■ **Exercise aim**:
Retype the full set of data, character for character.

■ **Data records**:

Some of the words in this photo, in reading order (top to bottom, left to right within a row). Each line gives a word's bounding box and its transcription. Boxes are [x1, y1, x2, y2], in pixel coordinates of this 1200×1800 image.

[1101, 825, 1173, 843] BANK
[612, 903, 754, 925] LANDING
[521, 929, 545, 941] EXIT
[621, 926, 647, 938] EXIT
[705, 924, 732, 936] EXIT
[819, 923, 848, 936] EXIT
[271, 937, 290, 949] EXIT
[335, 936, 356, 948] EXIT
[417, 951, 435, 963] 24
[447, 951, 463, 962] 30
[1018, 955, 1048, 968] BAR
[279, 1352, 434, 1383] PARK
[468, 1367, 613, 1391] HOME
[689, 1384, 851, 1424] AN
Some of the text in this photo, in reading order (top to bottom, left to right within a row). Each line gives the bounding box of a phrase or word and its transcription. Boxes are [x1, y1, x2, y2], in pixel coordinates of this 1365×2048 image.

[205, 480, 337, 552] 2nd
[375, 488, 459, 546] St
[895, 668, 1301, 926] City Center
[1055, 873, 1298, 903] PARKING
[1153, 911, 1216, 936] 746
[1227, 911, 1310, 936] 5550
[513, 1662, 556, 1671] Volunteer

■ **Expected answer**:
Some of the words in this photo, in reading order (top to bottom, left to right within a row). Each line gives a word's bounding box and its transcription. Boxes are [x1, y1, x2, y2], in pixel coordinates of this 1200×1800 image.

[1101, 825, 1173, 843] BANK
[612, 903, 754, 925] LANDING
[521, 929, 545, 941] EXIT
[621, 926, 647, 938] EXIT
[705, 924, 732, 936] EXIT
[819, 923, 848, 936] EXIT
[271, 937, 290, 949] EXIT
[335, 936, 356, 948] EXIT
[417, 951, 435, 963] 24
[447, 951, 463, 962] 30
[1018, 955, 1048, 968] BAR
[279, 1352, 434, 1383] PARK
[468, 1367, 613, 1391] HOME
[689, 1384, 851, 1424] AN
Some of the text in this photo, in reading order (top to bottom, left to right within a row). Each line gives the bounding box of a phrase or word and its transcription. Boxes are [x1, y1, x2, y2], in pixel coordinates of this 1365×2048 image.

[205, 480, 337, 552] 2nd
[375, 488, 459, 546] St
[895, 668, 1301, 926] City Center
[1055, 873, 1298, 903] PARKING
[1153, 911, 1216, 936] 746
[1227, 911, 1310, 936] 5550
[513, 1662, 556, 1671] Volunteer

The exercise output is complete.